Over the last year, Harmony Labs has been developing an audience-narrative architecture to help the Robert Wood Johnson Foundation (RWJF) and its partners find “narrative strategies” and actual storytelling that would activate people in the U.S., especially healthcare professionals, to dismantle structural racism in America’s healthcare and public health systems. The foundation of this work was research on audiences and the health equity narrative landscapes they inhabit. This initial research helped surface the most promising opportunities for content testing and validation, from which our project partner Story Strategy Group convened groups of professional storytellers, anti-racism experts, community leaders, and content strategists to develop new stories that might transport audiences toward a target narrative of health equity. This piece is one in a three-part series from some of the subject matter experts and storytellers who worked on this project. You can explore the full findings here.

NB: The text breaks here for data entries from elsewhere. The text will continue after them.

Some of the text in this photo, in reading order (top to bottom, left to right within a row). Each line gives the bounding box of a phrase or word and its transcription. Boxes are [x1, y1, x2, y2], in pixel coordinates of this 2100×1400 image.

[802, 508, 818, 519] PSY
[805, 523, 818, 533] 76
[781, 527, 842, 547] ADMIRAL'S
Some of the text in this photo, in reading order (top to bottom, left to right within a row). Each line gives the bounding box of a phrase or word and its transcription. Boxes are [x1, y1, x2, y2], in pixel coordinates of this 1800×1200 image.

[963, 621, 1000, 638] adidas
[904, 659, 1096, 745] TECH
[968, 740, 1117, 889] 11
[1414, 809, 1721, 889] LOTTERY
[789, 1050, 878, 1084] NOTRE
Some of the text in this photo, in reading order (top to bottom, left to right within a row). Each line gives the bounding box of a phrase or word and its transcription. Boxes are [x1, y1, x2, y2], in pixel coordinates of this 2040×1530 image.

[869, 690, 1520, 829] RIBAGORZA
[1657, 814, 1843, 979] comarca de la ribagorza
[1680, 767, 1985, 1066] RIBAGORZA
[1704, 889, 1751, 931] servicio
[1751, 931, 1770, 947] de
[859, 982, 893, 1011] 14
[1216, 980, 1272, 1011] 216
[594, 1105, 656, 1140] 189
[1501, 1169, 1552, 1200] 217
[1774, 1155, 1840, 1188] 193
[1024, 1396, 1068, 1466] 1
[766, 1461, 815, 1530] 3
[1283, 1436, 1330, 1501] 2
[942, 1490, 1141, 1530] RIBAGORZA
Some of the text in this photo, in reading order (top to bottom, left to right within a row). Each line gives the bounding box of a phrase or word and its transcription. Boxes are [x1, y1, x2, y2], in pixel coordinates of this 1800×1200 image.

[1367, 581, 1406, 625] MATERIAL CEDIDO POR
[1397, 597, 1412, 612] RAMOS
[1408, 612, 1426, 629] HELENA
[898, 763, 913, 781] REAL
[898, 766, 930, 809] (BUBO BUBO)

I am a story consultant who works with social justice organizations and public defenders to use storytelling to get audiences to empathize and act. I’ve consulted on hundreds of criminal and civil cases and have an 80% success rate, including several acquittals in jury trials where our client was facing life in prison or the death penalty. I attribute this success to providing attorneys with actual storytelling techniques that trigger empathy.

My social justice storytelling work involves interviewing people and identifying the stories they’re living: their story purpose, allies, obstacles, and goals. The information I glean is then used by social justice organizations to shape stories that align with their audience’s stories. By doing so, we can find common themes that unite disparate groups and encourage them to work together. I believe that of the hundreds of people I’ve spoken with, almost every person could empathize with an issue if it related to their story goal.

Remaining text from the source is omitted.